* **Exercise description**
Without changing a thing, reproduce the entire listing and leave out its pictures.

* **Records for processing**
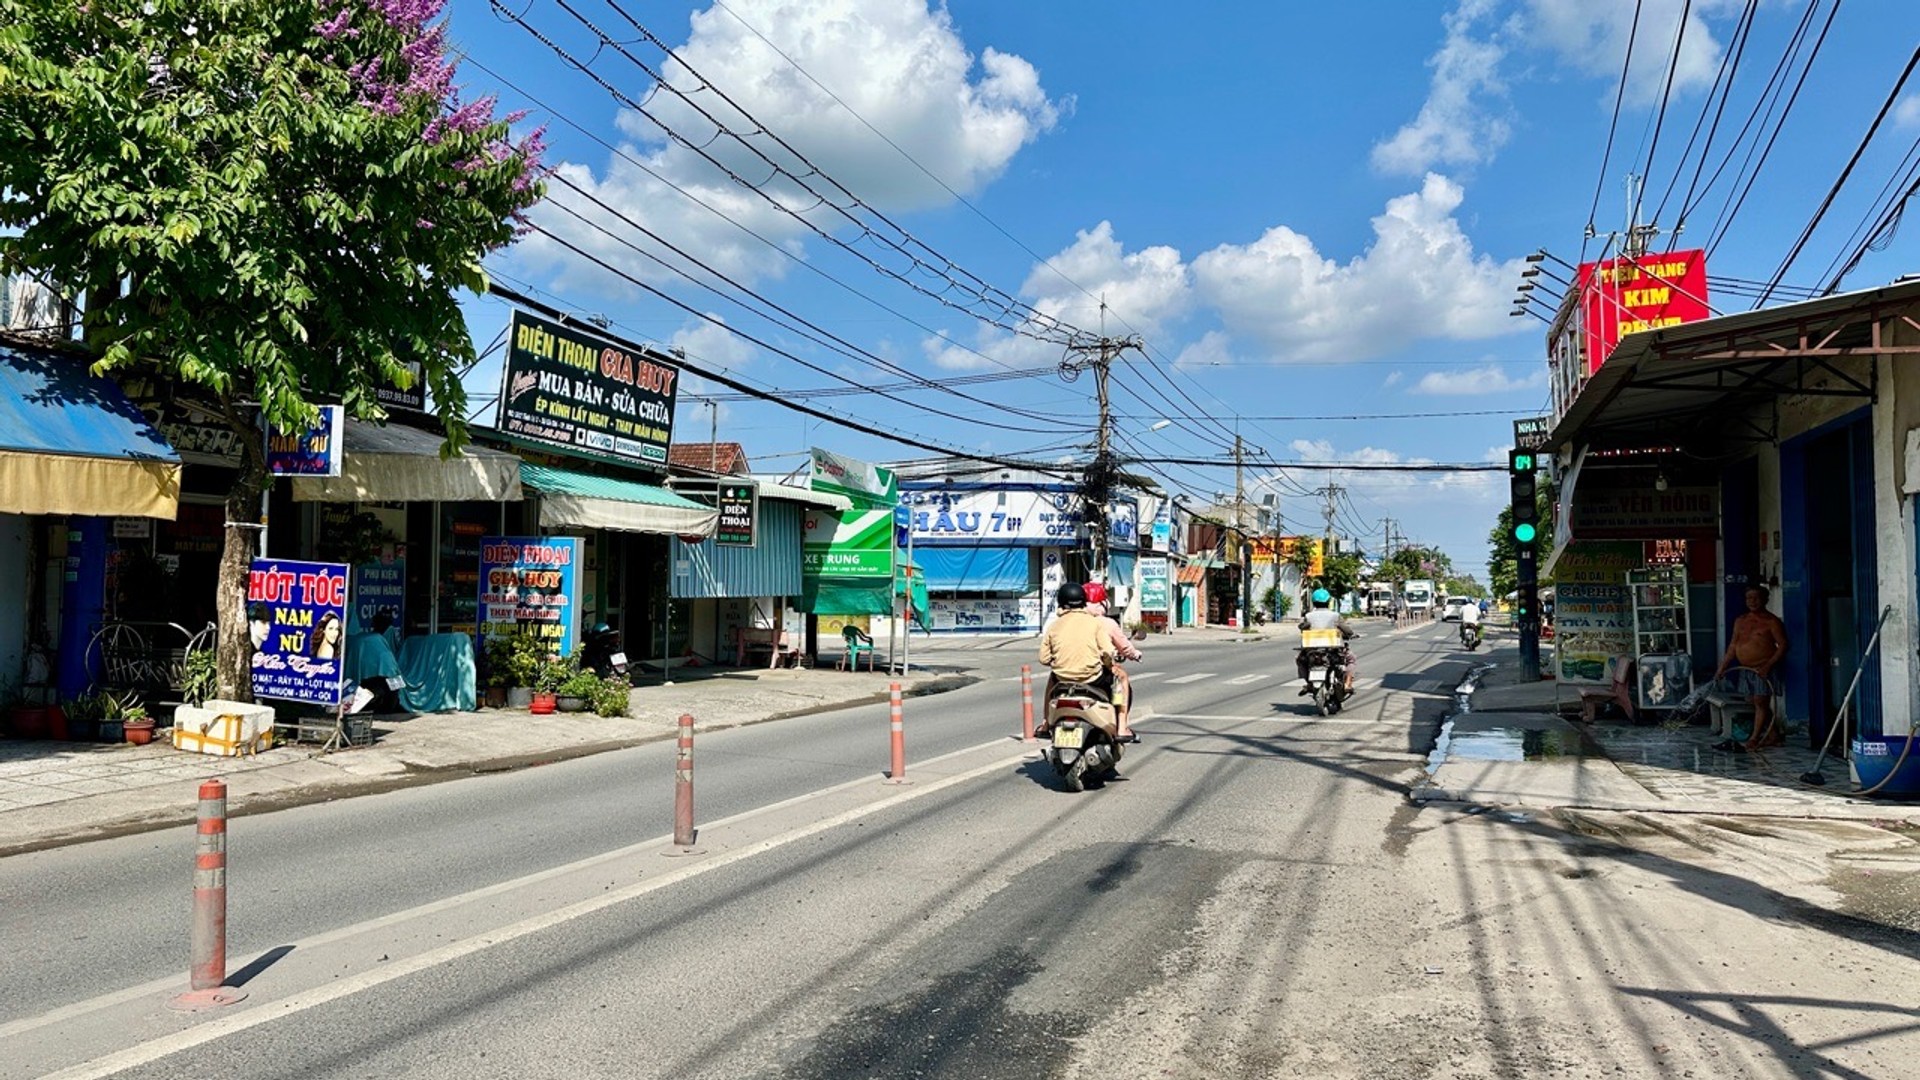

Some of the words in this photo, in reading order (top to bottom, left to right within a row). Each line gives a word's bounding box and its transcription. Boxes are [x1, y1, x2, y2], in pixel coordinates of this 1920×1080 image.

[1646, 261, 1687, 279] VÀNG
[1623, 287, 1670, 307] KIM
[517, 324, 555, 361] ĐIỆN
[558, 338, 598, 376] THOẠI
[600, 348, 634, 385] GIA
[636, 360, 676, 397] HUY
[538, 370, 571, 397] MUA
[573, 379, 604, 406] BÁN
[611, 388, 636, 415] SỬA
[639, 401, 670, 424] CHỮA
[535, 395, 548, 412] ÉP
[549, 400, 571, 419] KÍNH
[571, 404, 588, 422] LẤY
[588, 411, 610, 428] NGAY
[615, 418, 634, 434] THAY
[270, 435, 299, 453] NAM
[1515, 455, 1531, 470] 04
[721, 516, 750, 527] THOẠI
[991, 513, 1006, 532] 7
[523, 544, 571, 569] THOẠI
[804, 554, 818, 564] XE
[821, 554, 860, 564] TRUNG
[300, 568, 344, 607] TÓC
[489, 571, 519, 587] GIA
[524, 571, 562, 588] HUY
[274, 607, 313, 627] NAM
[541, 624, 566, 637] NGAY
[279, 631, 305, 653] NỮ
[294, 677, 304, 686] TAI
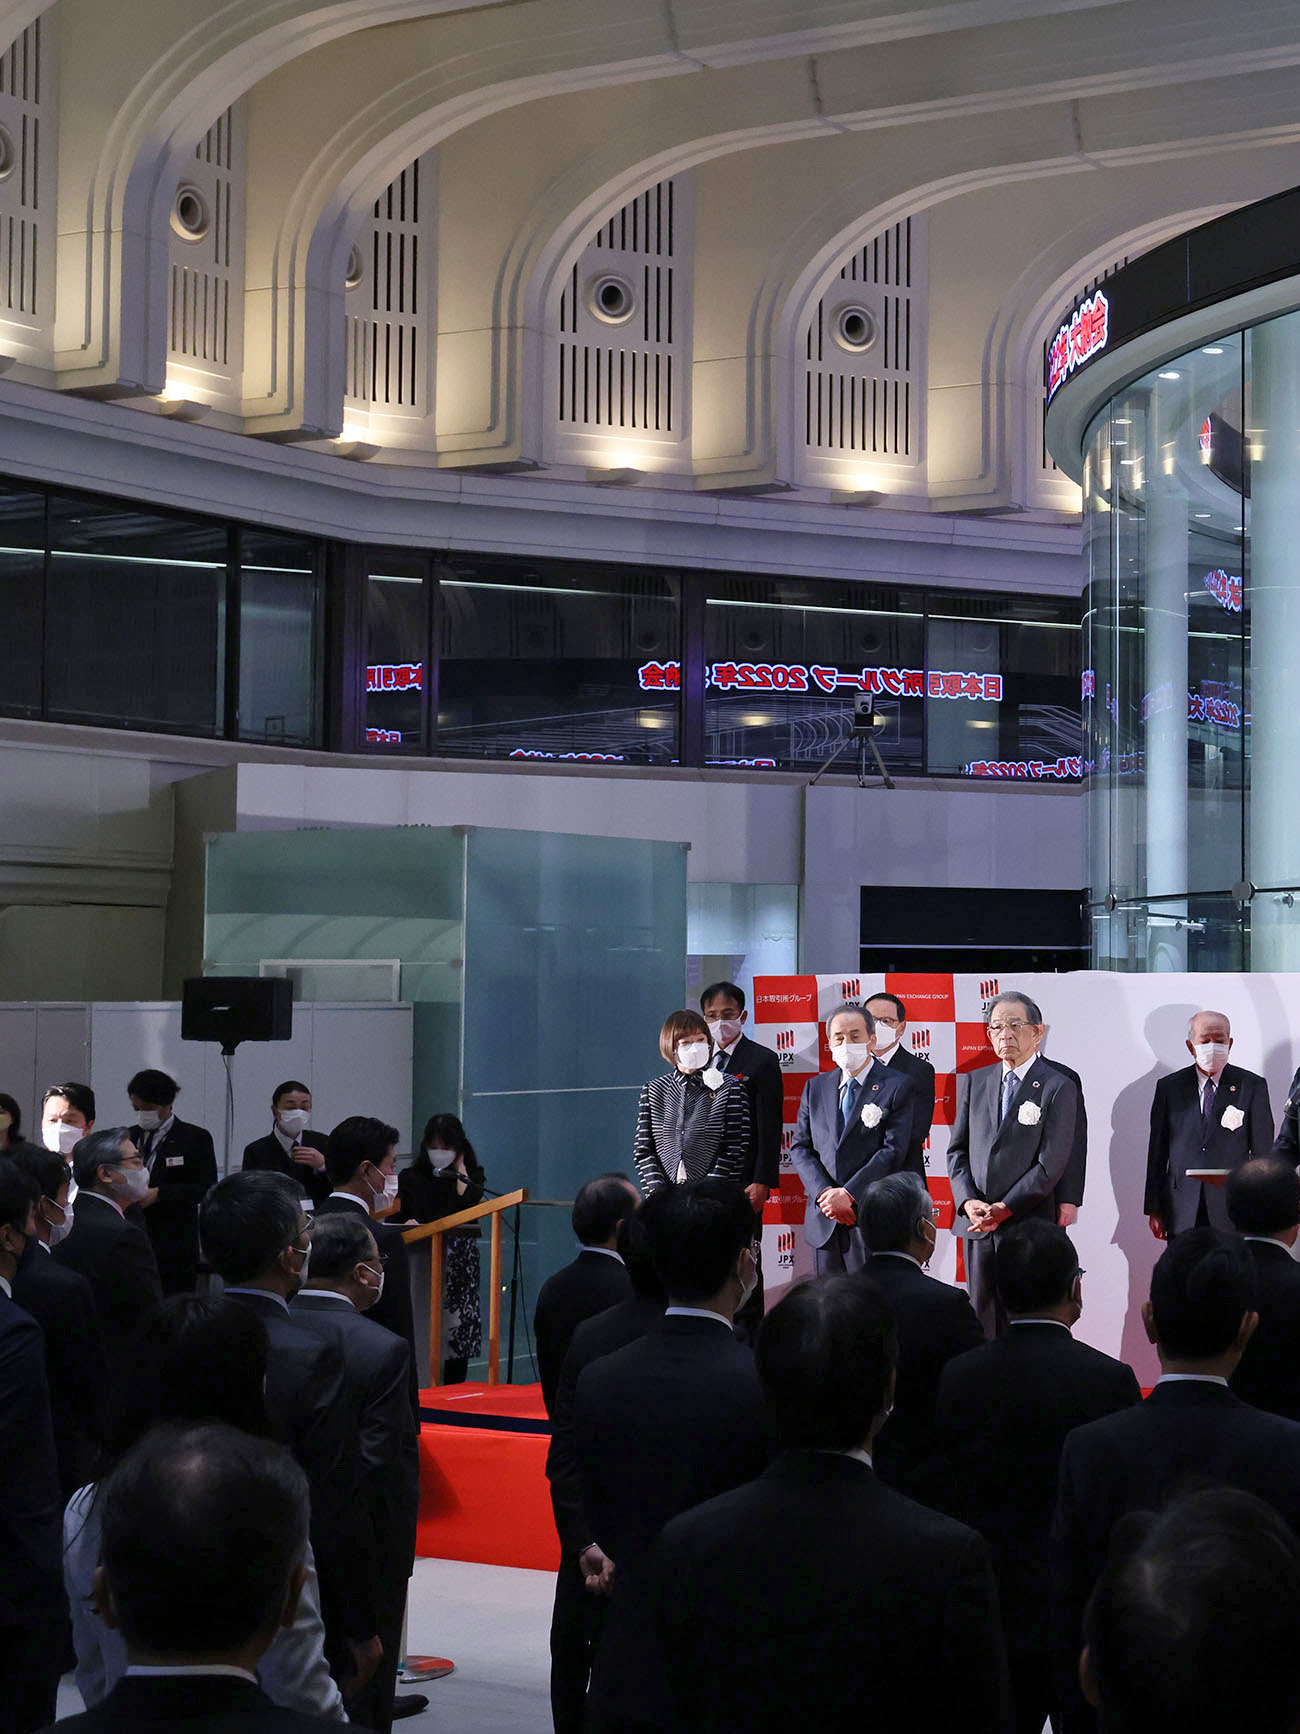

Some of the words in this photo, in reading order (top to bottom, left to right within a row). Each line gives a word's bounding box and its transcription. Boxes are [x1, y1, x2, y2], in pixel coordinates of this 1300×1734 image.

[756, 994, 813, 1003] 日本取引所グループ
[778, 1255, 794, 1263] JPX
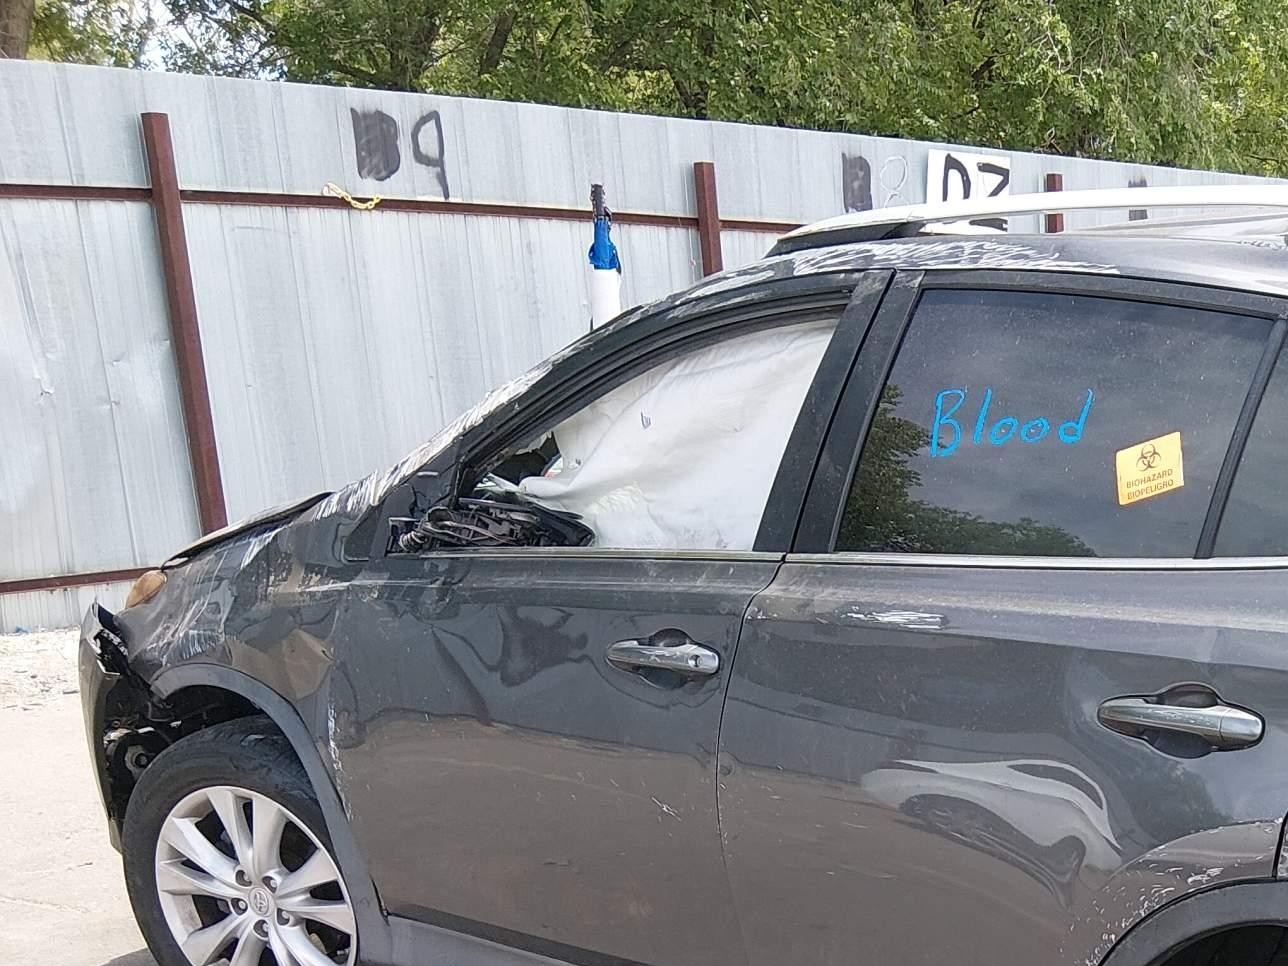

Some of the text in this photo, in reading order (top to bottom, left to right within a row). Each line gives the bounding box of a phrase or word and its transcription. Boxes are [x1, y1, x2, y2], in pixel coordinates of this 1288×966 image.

* **Exercise result**
Some of the words in this photo, in reading order (top to bottom, left to right within a row). Each line gives a word's bounding box and its transcription. Boxes are [x1, y1, x2, y2], in pixel coordinates of this 1920×1080 image.

[1646, 261, 1687, 279] VÀNG
[1623, 287, 1670, 307] KIM
[517, 324, 555, 361] ĐIỆN
[558, 338, 598, 376] THOẠI
[600, 348, 634, 385] GIA
[636, 360, 676, 397] HUY
[538, 370, 571, 397] MUA
[573, 379, 604, 406] BÁN
[611, 388, 636, 415] SỬA
[639, 401, 670, 424] CHỮA
[535, 395, 548, 412] ÉP
[549, 400, 571, 419] KÍNH
[571, 404, 588, 422] LẤY
[588, 411, 610, 428] NGAY
[615, 418, 634, 434] THAY
[270, 435, 299, 453] NAM
[1515, 455, 1531, 470] 04
[721, 516, 750, 527] THOẠI
[991, 513, 1006, 532] 7
[523, 544, 571, 569] THOẠI
[804, 554, 818, 564] XE
[821, 554, 860, 564] TRUNG
[300, 568, 344, 607] TÓC
[489, 571, 519, 587] GIA
[524, 571, 562, 588] HUY
[274, 607, 313, 627] NAM
[541, 624, 566, 637] NGAY
[279, 631, 305, 653] NỮ
[294, 677, 304, 686] TAI

Some of the words in this photo, in reading order (top to bottom, left to right within a row). Each line gives a word's bounding box and its transcription. Boxes are [x1, y1, x2, y2], in pixel coordinates of this 1300×1734 image.

[756, 994, 813, 1003] 日本取引所グループ
[778, 1255, 794, 1263] JPX

Some of the text in this photo, in reading order (top to bottom, left to right within a row). Each line gives the bounding box of a phrase or word and its transcription. Boxes are [x1, y1, x2, y2], in pixel coordinates of this 1288×966 image.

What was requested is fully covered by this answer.